トランジスタが微細になるほど、一個の電荷が出入りすることによるトランジスタ特性の変動が大きくなることから、今後RTN現象がLSIの信頼性に及ぼす影響が増大していきます。この問題に対処するには、RTNの統計的挙動を正しく理解し、それがLSIの信頼性を劣化させないよう適切な設計を実施することが不可欠です。そこでNECエレクトロニクスでは、RTNによる特性変動を統計的にモデル化する理論を構築しており、本年6月のVLSIテクノロジー・シンポジウムにおいて発表いたしました。このモデルにおいて鍵となる特徴量が「トラップ数期待値」と「変動幅期待値」です。

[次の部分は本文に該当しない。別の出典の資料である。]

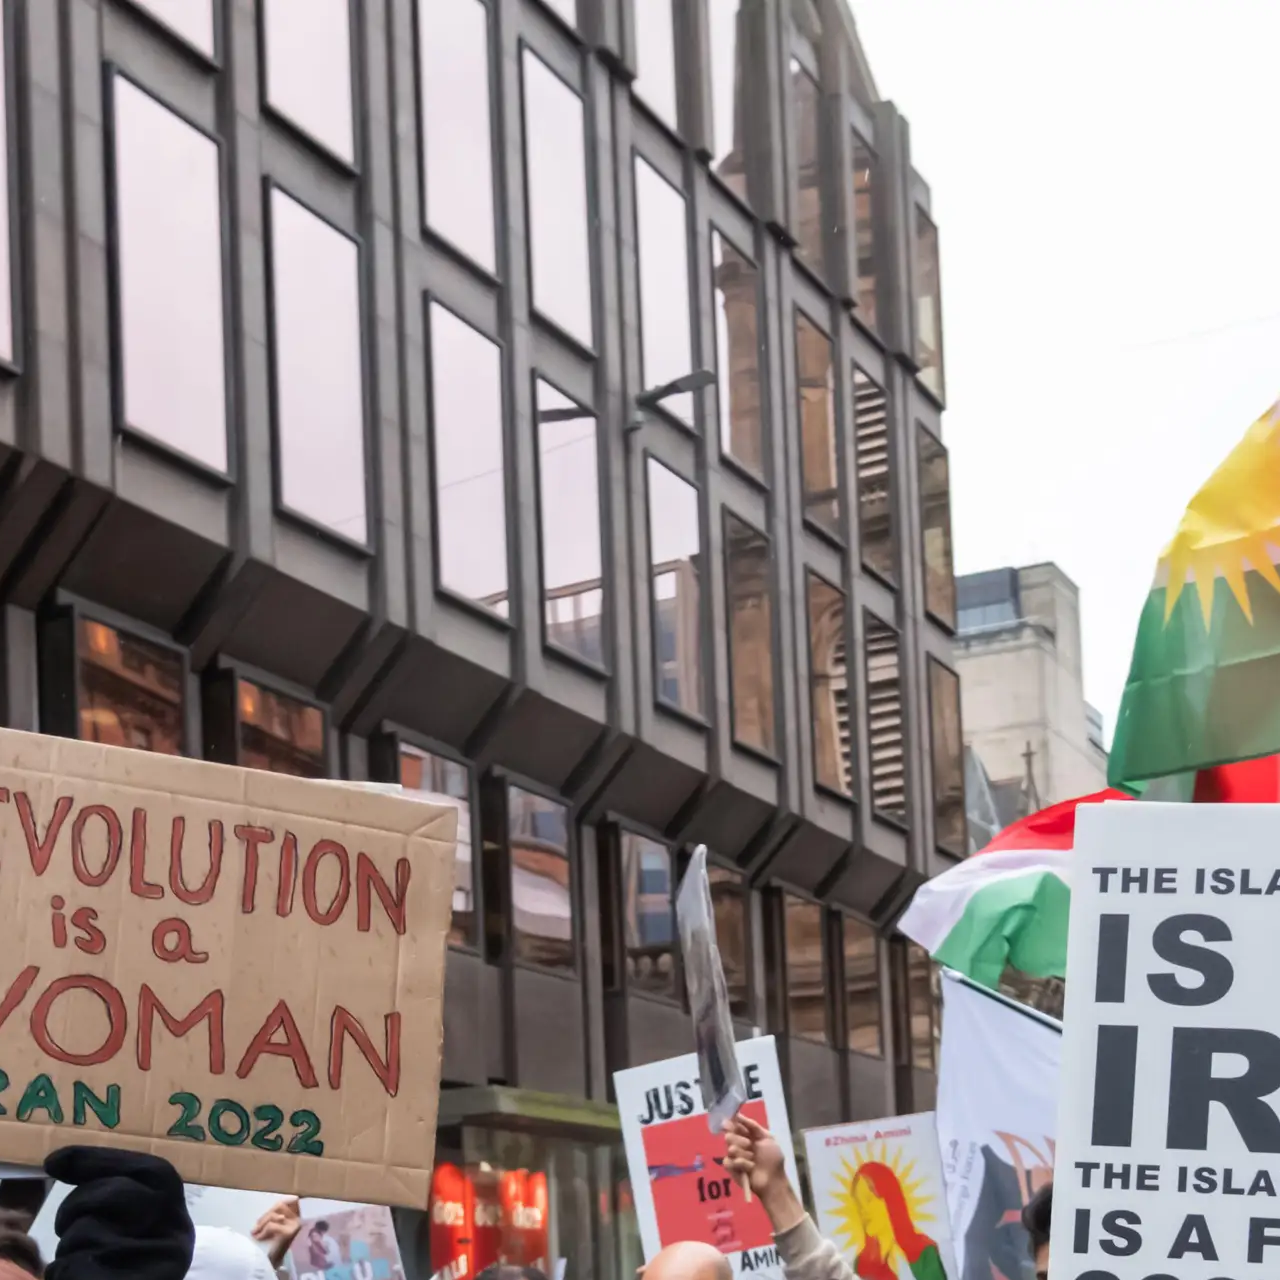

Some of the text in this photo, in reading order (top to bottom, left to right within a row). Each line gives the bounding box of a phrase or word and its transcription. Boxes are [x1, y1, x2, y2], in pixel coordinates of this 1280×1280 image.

[1092, 867, 1178, 894] THE
[50, 895, 209, 963] is a
[1094, 913, 1234, 1007] IS
[167, 1092, 324, 1156] 2022
[638, 1063, 762, 1125] JUSE
[1075, 1161, 1160, 1192] THE
[1073, 1208, 1143, 1257] IS
[1167, 1213, 1219, 1262] A
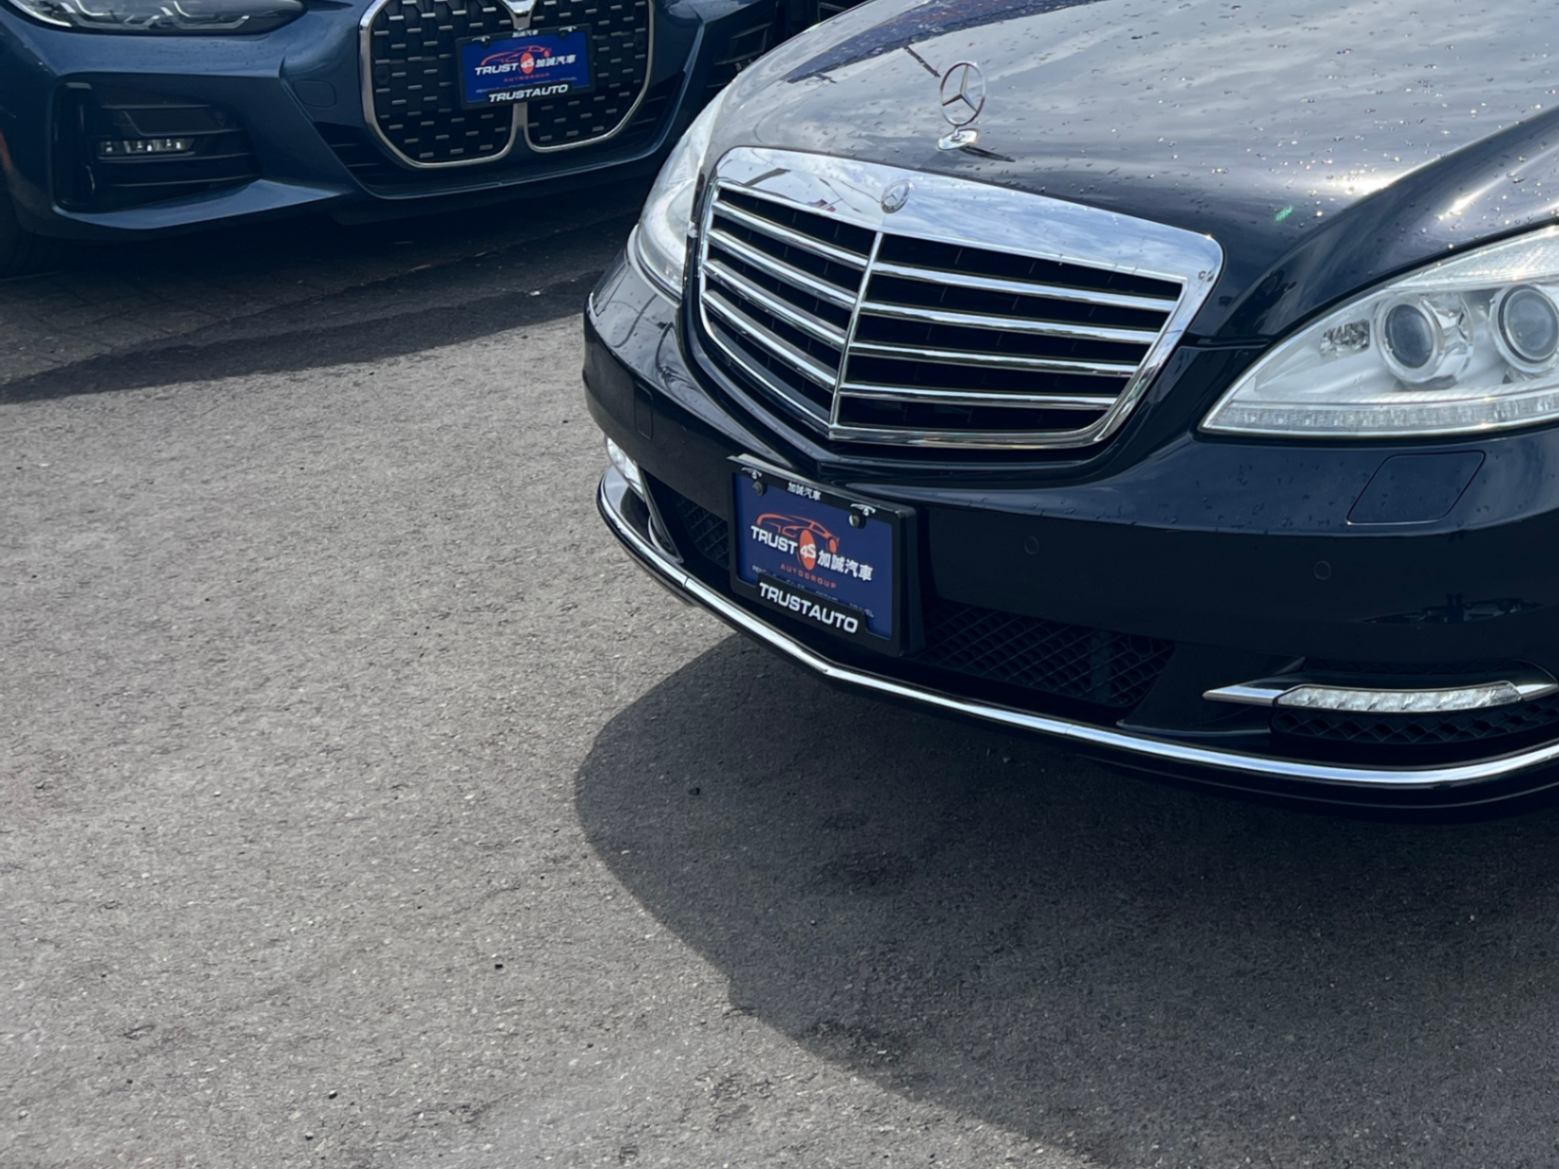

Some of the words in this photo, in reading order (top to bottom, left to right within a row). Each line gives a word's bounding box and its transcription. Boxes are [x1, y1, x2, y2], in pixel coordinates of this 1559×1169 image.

[475, 62, 519, 76] TRUST
[488, 84, 569, 103] TRUSTAUTO
[751, 525, 798, 555] TRUST
[800, 544, 817, 559] 4S
[817, 550, 873, 581] 加誠汽車
[759, 582, 859, 633] TRUSTAUTO

RTNによって電圧や電流が時間とともに変動しますが、もしトラップの数が2以上になると、一般に波形が複雑化してトラップの個数を検出することが困難になります。時間差プロットは、このような波形を2次元の平面上に射影することで、トラップの個数を輝点の集中によって識別できるようにする技術です。本手法を用いることで、個々のトランジスタにおいてRTNを引き起こすトラップの個数を容易に知ることができます。トラップの個数を多数のトランジスタについて調べることで「個数期待値」を求めることができます。

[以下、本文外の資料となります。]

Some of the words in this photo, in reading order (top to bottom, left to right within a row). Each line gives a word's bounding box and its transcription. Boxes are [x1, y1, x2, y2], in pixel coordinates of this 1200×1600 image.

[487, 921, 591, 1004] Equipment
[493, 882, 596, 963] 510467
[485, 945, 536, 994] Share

RTN統計モデルによると、ノイズ波形の最大振幅の統計的分布と「個数期待値」を知れば、「振幅期待値」を逆算することが可能となります。波形の最大振幅は、単にノイズ波形をある程度長い時間に亘って測定するだけで容易に求まります。そこで多数のトランジスタについて最大振幅を測定してその確率分布を決定し、これと「個数期待値」を用いれば「振幅期待値」が容易に決定できます。

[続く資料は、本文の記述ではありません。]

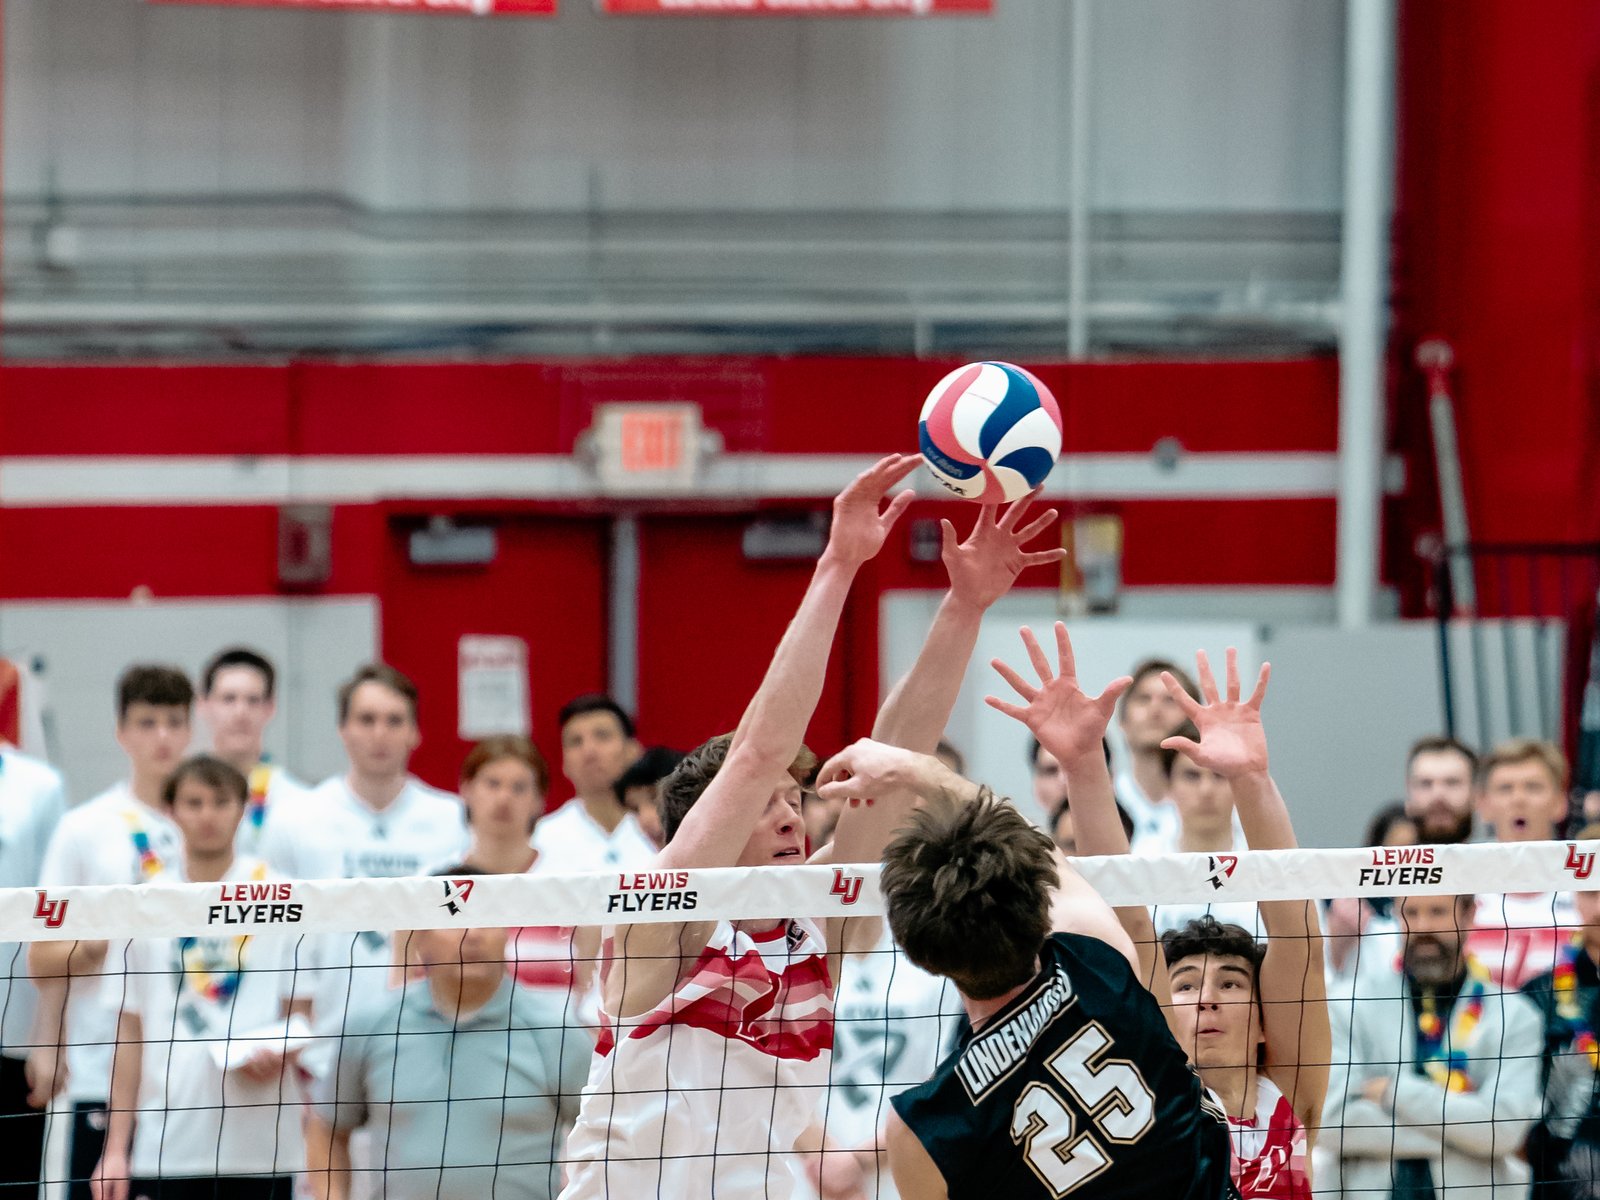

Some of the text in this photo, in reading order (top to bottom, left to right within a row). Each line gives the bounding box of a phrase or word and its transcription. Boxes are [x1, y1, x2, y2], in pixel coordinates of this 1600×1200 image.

[1372, 848, 1434, 866] LEWIS
[1564, 843, 1595, 879] LU
[619, 872, 689, 890] LEWIS
[830, 868, 864, 905] LU
[1359, 867, 1443, 886] FLYERS
[220, 884, 292, 902] LEWIS
[607, 891, 697, 913] FLYERS
[33, 890, 69, 929] LU
[208, 904, 303, 924] FLYERS
[1010, 1019, 1156, 1200] 25

以上の手法を用いて微細トランジスタのRTNを詳細に評価しました。その結果「個数期待値」がトランジスタのゲートにかける電圧によって変化するという現象を見出しました。つまり、電圧を変えるとあたかもトラップが消滅したり生成したりするように見える、ということです。その原因を調査したところ、電荷の出入りの早さ(時定数)が電圧によって変化し、測定の条件との兼ね合いであるトラップが見えたり見えなかったりすることが原因であることを突き止めました。この結果は、測定にかからない見えないトラップの存在を明確にしており、このような見えないトラップの適切な考慮が、将来の超微細トランジスタにおいて高信頼設計を行なうために非常に重要であることを明らかにしました。
今回開発した手法を応用すると、このようなRTNの挙動を詳細に分析することが可能となり、これにより得られた情報を高信頼な回路設計の実現のために活用していきます。NECエレクトロニクスでは今後も高性能かつ高品質な製品を提供し続けるため、本手法も用いつつRTN現象に関する研究・開発を積極的に展開していく予定です。
なお、当社は今回の成果を、本年12月7日から9日まで、米国ボルチモアで開催された「国際電子デバイス会議(IEDM 2009:International Electron Devices Meeting)」にて、9日に発表しました。